I stayed overnight at the beautifully preserved and tended home of a brilliant garden friend named Gordon Vujevic near Youngstown, Ohio several years ago. It was autumn, and Gordon gave me a room with a little white bed with an iron frame and an ivory chenille bedspread--the kind my grandmother and mom had. The room had high ceilings and wallpaper with a wildflower motif. There were old books on the shelf and a chamberpot on the mirrored dresser. And Gordon had put a vase of fresh-picked tuberoses on the nightstand. "If they get to be too much, you can move them out in the hall," he said. I inhaled their exotic fragrance, and said, "This could never be too much."
By 2 AM they were out in the hall. They were keeping me awake. That same fall, Gordon sent me a brown paper bag full of tuberose bulbs from his garden. They look like garlic cloves, but what wonder is locked inside them! and what a gift, that gives and gives.
This is a flower of the night, sending its chemical lure far out into the still moist air, aiming for big fat-bodied sphinx moths with their long tongues. It emanates its scent when darkness falls, and ceases at dawn. It is powerful. One flower can perfume a room. As I have become accustomed to the scent, and enjoy the wild dreams it brings me, I now keep eight or more flowers in a little vase by the bedside. When I stir in the night I get waves of fragrance. I've also got a poet's jasmine plant in the bedroom window, and I move that to the nightstand every evening. The mingled scents are intoxicating. I will miss them so when frost comes.

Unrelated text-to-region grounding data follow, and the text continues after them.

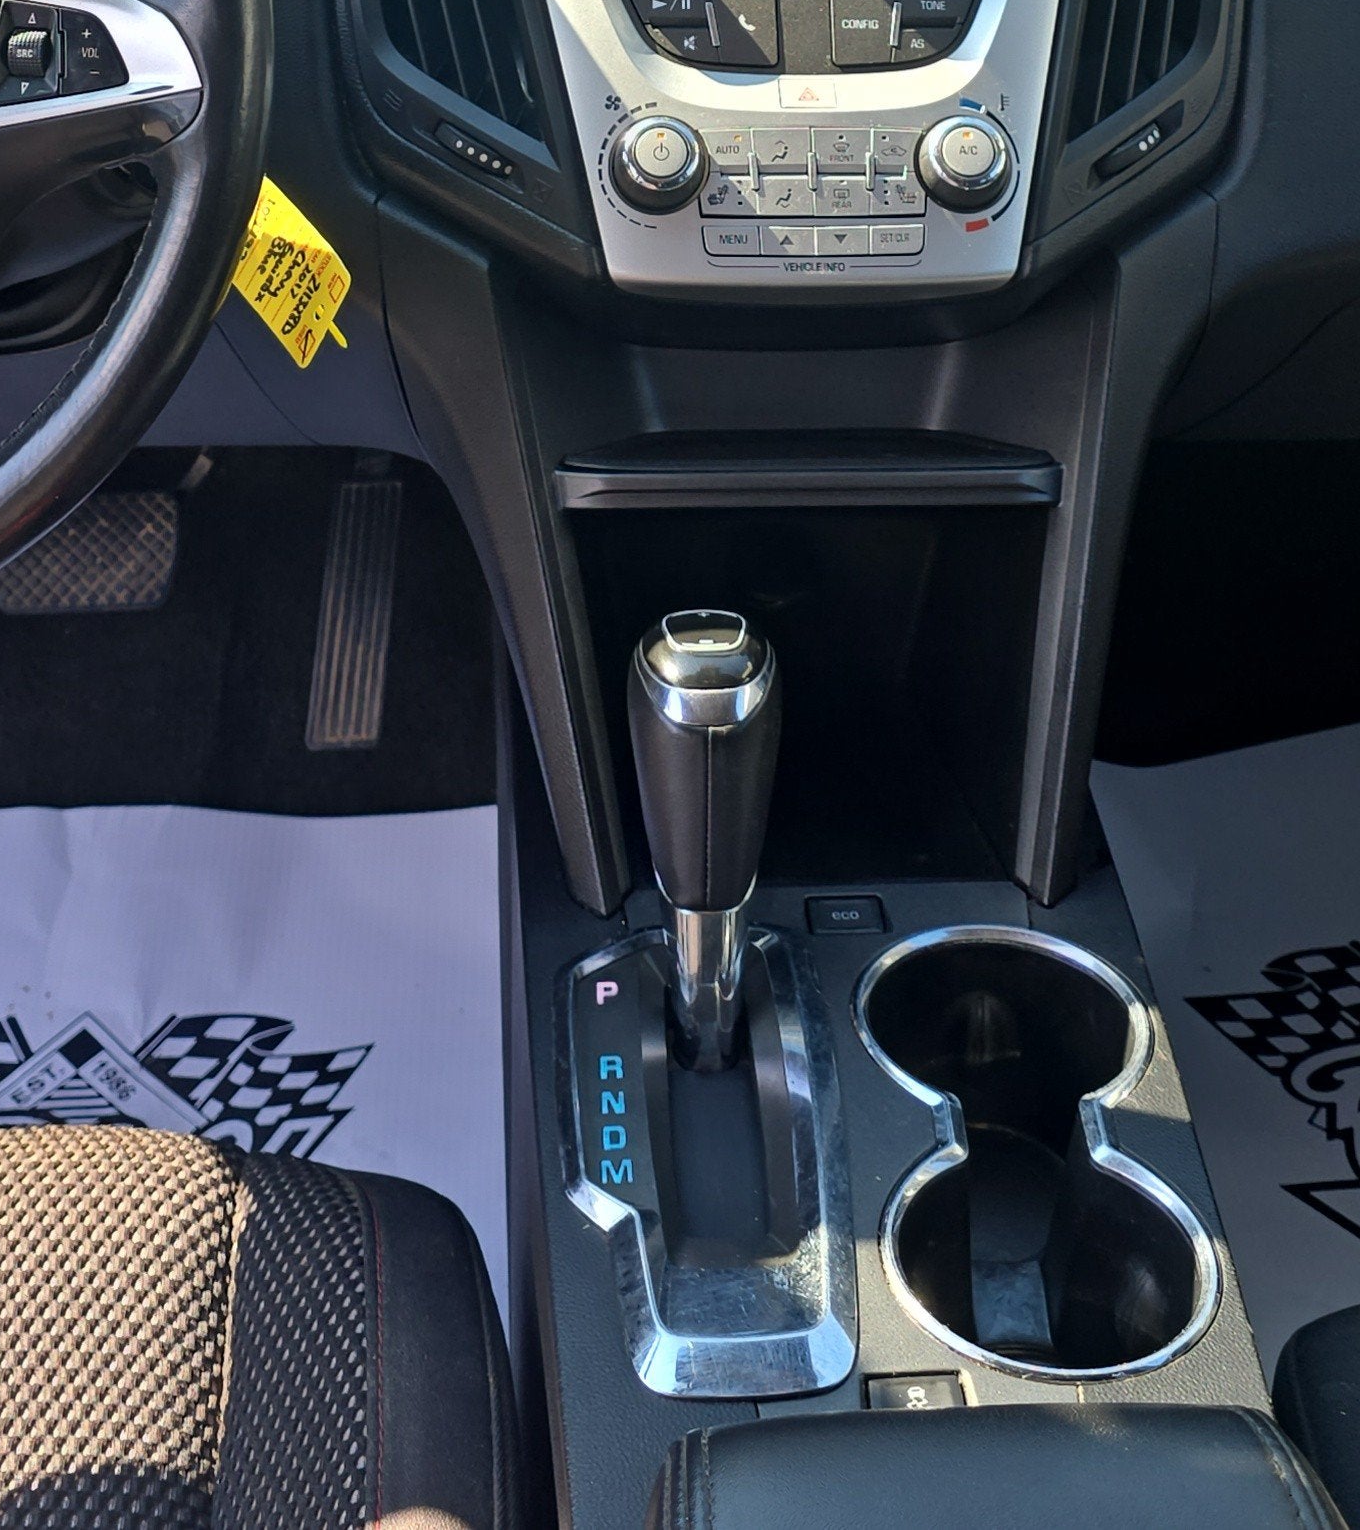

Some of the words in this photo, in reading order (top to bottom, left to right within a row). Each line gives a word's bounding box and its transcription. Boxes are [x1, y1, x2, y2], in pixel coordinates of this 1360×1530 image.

[920, 0, 946, 11] TONE
[841, 19, 880, 30] CONFIG
[910, 38, 925, 49] AS
[16, 48, 34, 59] SRC
[81, 47, 100, 59] VOL
[715, 144, 740, 155] AUTO
[959, 145, 979, 157] A/C
[829, 154, 854, 162] FRONT
[719, 234, 748, 245] MENU
[880, 233, 894, 243] SET
[783, 261, 822, 272] VEHICLE
[823, 261, 846, 272] INFO
[831, 909, 859, 921] eco
[596, 981, 619, 1006] P
[599, 1055, 623, 1080] R
[93, 1060, 137, 1102] 1986
[601, 1091, 626, 1115] N
[602, 1125, 627, 1151] D
[601, 1159, 633, 1185] M
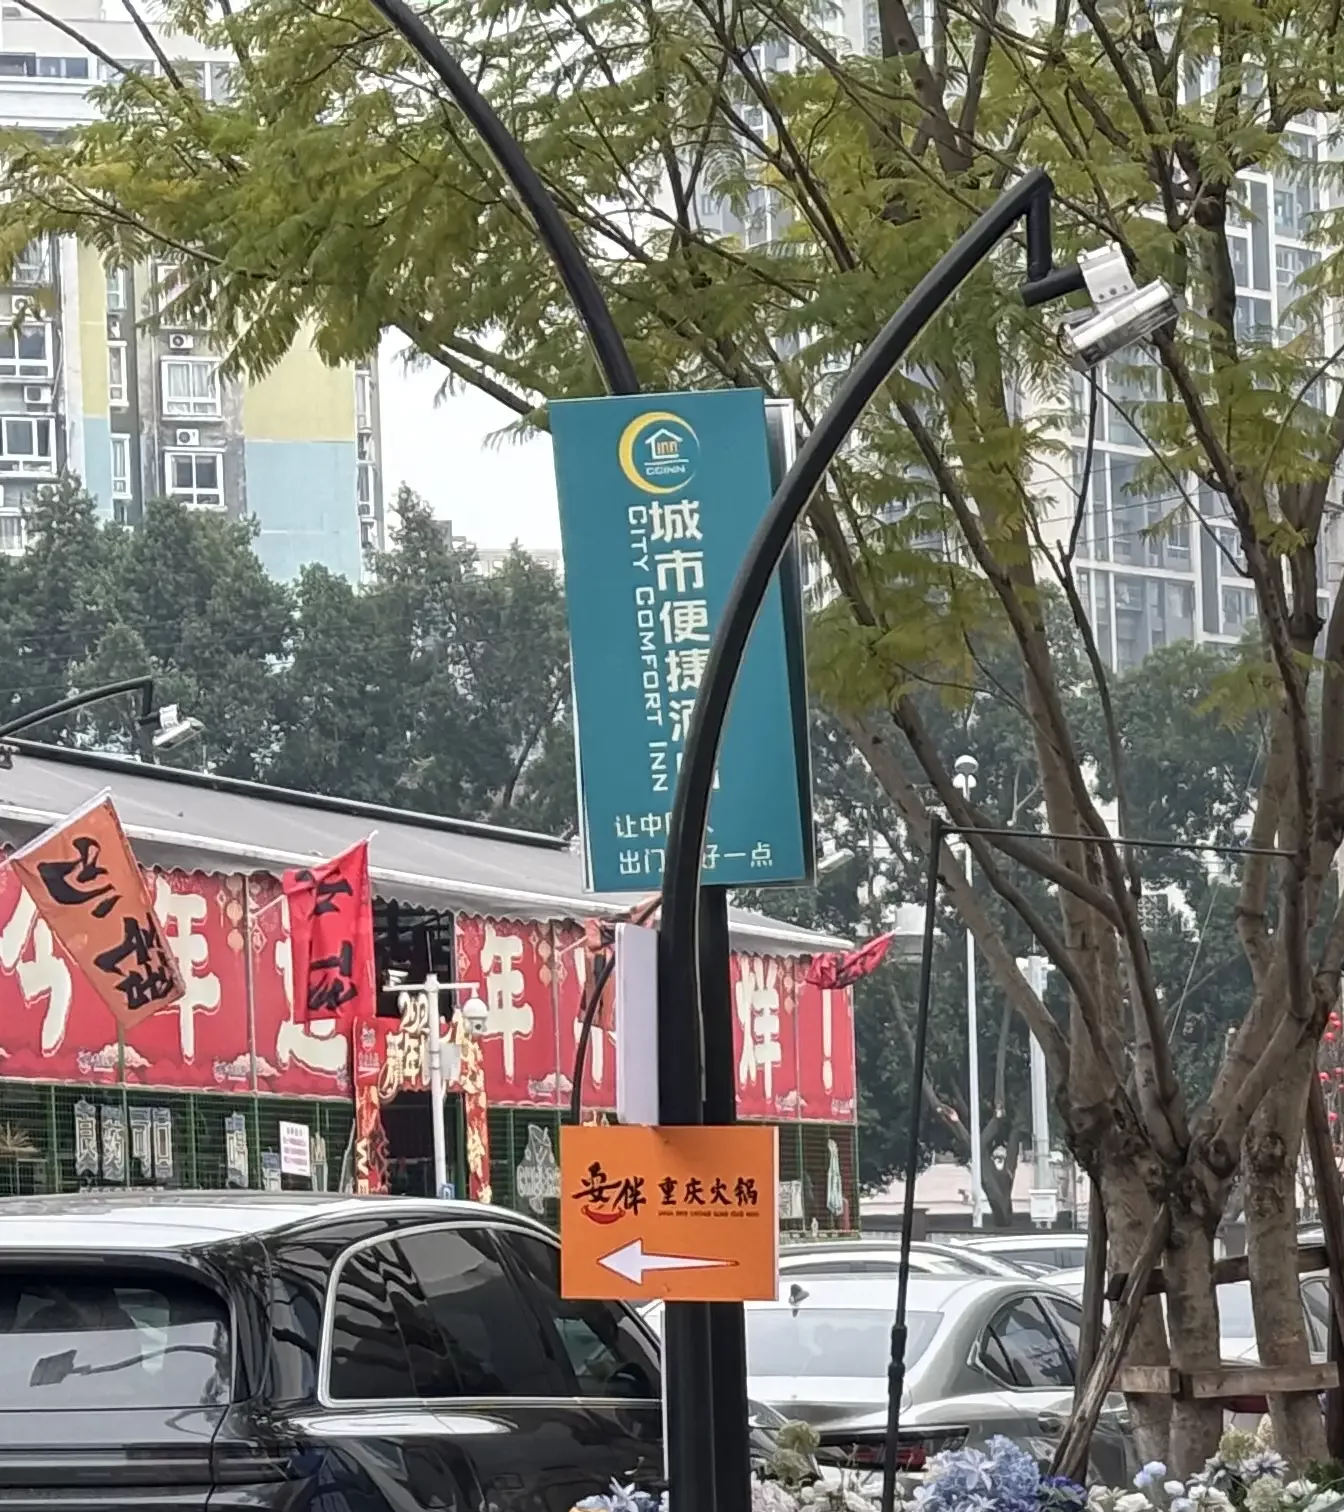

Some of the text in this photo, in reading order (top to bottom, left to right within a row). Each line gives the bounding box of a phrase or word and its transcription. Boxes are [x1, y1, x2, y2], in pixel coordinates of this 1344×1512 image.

[628, 505, 669, 792] CITY COMFORT INN
[649, 499, 720, 789] 城市便捷
[614, 811, 714, 840] 让中
[619, 842, 773, 876] 出门好一点
[658, 1175, 759, 1207] 重庆火锅

The jasmine will go into the greenhouse should it begin to sulk in the south window. The tuberoses I'll dig and store in the basement before the ground freezes. I'll break apart the clumps of clustered bulbs and plant them in long thin rows in May. This was my best year ever--ten bloom stalks from perhaps thirty bulbs. Soon I'll have enough to give away. But you don't give tuberoses to just anyone. You must give them to someone who understands.
This little Hall vase is perfect for tuberoses, almost as if it were designed to support them in water. Perhaps it was. People back in the 30's probably appreciated and grew tuberoses a lot more than we deskrats do today. I saw some in a vase at the natural foods store called Farmacy in Athens. The woman behind the counter noticed me noticing them. Our eyes met.
" Tuberoses!" I crowed.
"YES!" she crowed back. "Aren't they delightful?"
"Did YOU grow them?" I asked, already knowing the answer.
"Yes!"
We compared notes on culture and agreed this was a splendid year for tuberoses. I encouraged her to break apart the clusters of little bulbs and plant them singly, whatever the garden books said. She said she would.
The nighthawks are still coming through. Like tuberoses, they're a late-summer delight. They fill my heart as they row over, white wing slashes flashing in the low autumnal light.
They look down on me with their liquid eyes, these strange bird angels. How I love them, and how I'll miss them when frost comes.
In December, I'll have been blogging for two years. Though at first I felt a strong temptation to write about anything, delightful or sad, that occupied my mind, that urge is gone. I can't and won't do that any more. Some flowers give out fragrance in the darkness; others close up, fold in on themselves. This old world keeps coming up with beauty and grace, in an abundance that staggers me. I keep going.